━━━━━ Data for this exercise

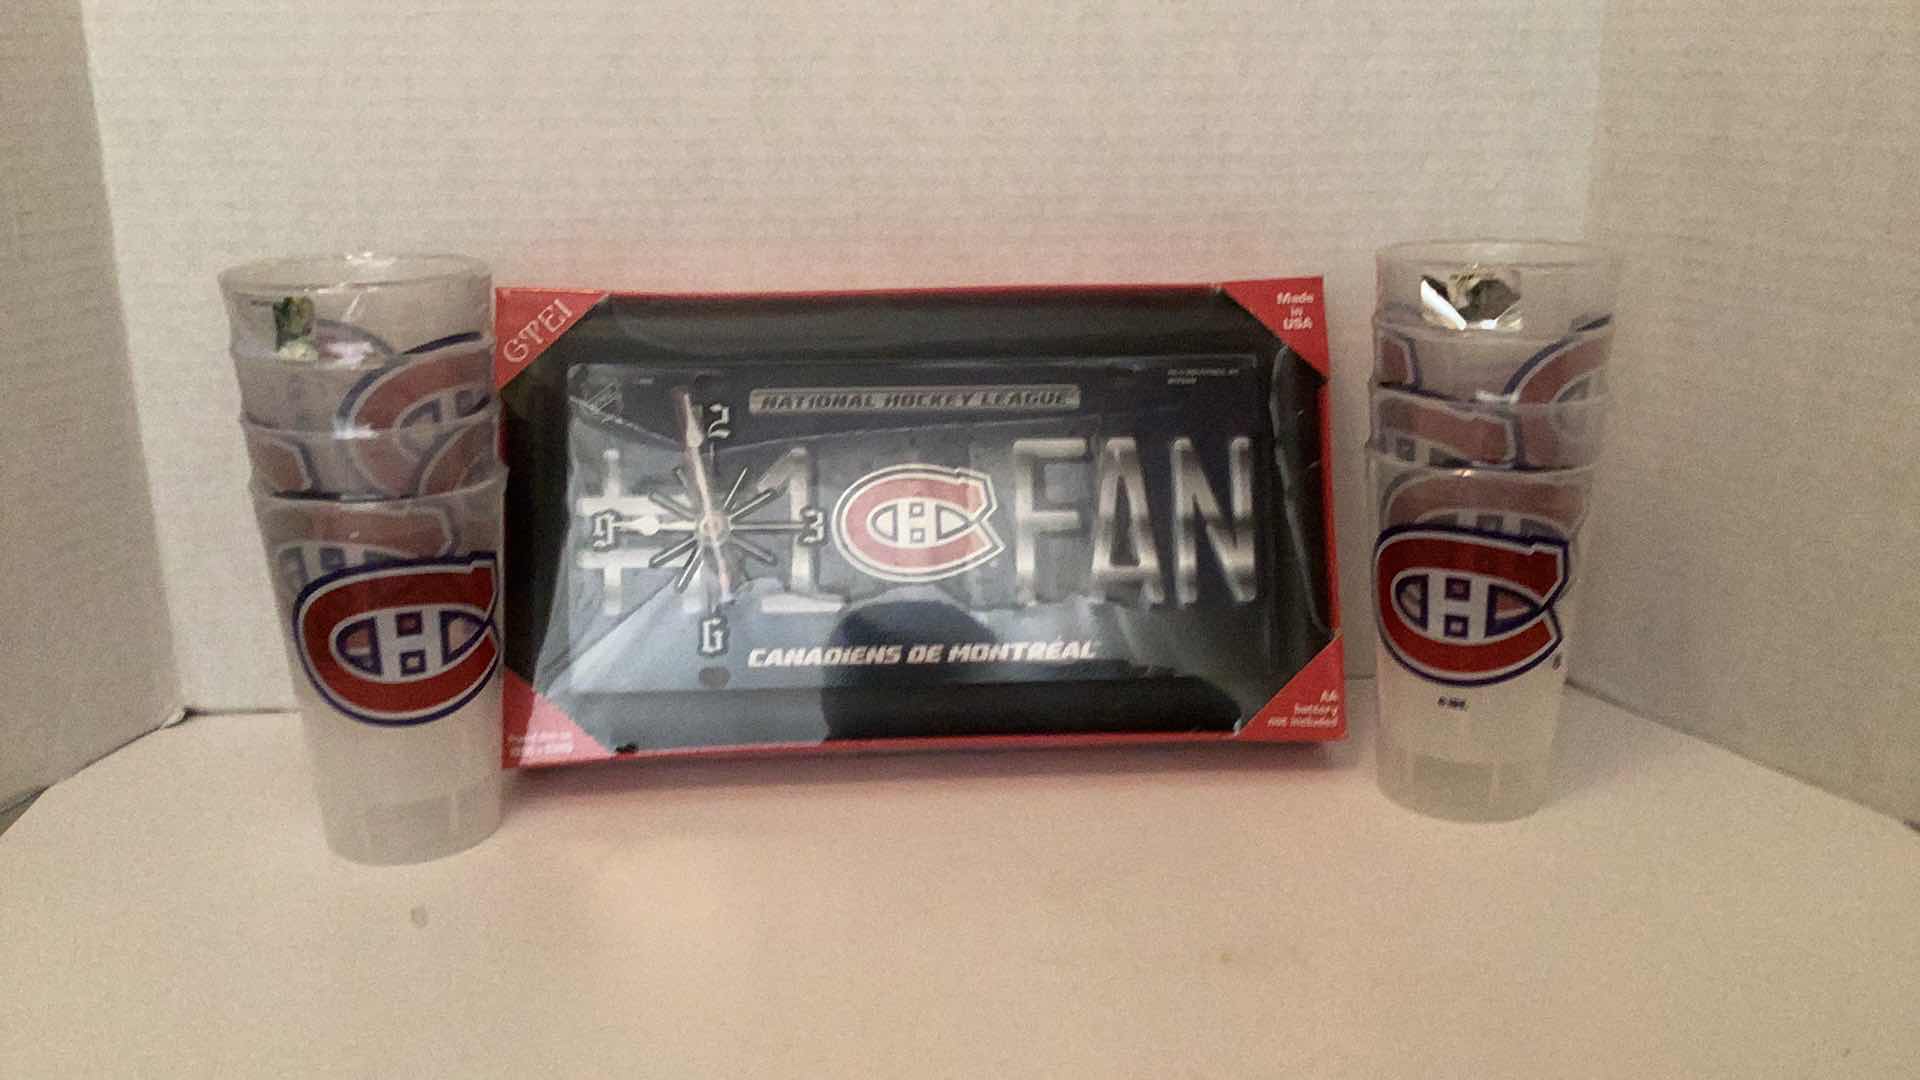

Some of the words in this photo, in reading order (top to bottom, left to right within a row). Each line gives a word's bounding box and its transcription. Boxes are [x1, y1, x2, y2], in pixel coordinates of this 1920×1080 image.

[1276, 291, 1314, 305] Made
[1290, 306, 1304, 317] in
[1283, 316, 1312, 331] USA
[760, 394, 874, 410] NATIONAL
[883, 392, 973, 409] HOCKEY
[979, 391, 1070, 408] LEAGUE
[801, 508, 824, 544] 3
[1012, 436, 1258, 607] FAN
[747, 645, 903, 669] CANADIENS
[906, 643, 945, 664] DE
[947, 635, 1097, 663] MONTRÉAL
[1320, 689, 1338, 703] AA
[1294, 702, 1338, 719] battery
[1267, 717, 1288, 728] not
[1290, 715, 1338, 729] included

━━━━━━━━━━

Problem statement
Restate each entry exactly, omitting pictures.

Worked solution
Some of the words in this photo, in reading order (top to bottom, left to right within a row). Each line gives a word's bounding box and its transcription. Boxes are [x1, y1, x2, y2], in pixel coordinates of this 1920×1080 image.

[1276, 291, 1314, 305] Made
[1290, 306, 1304, 317] in
[1283, 316, 1312, 331] USA
[760, 394, 874, 410] NATIONAL
[883, 392, 973, 409] HOCKEY
[979, 391, 1070, 408] LEAGUE
[801, 508, 824, 544] 3
[1012, 436, 1258, 607] FAN
[747, 645, 903, 669] CANADIENS
[906, 643, 945, 664] DE
[947, 635, 1097, 663] MONTRÉAL
[1320, 689, 1338, 703] AA
[1294, 702, 1338, 719] battery
[1267, 717, 1288, 728] not
[1290, 715, 1338, 729] included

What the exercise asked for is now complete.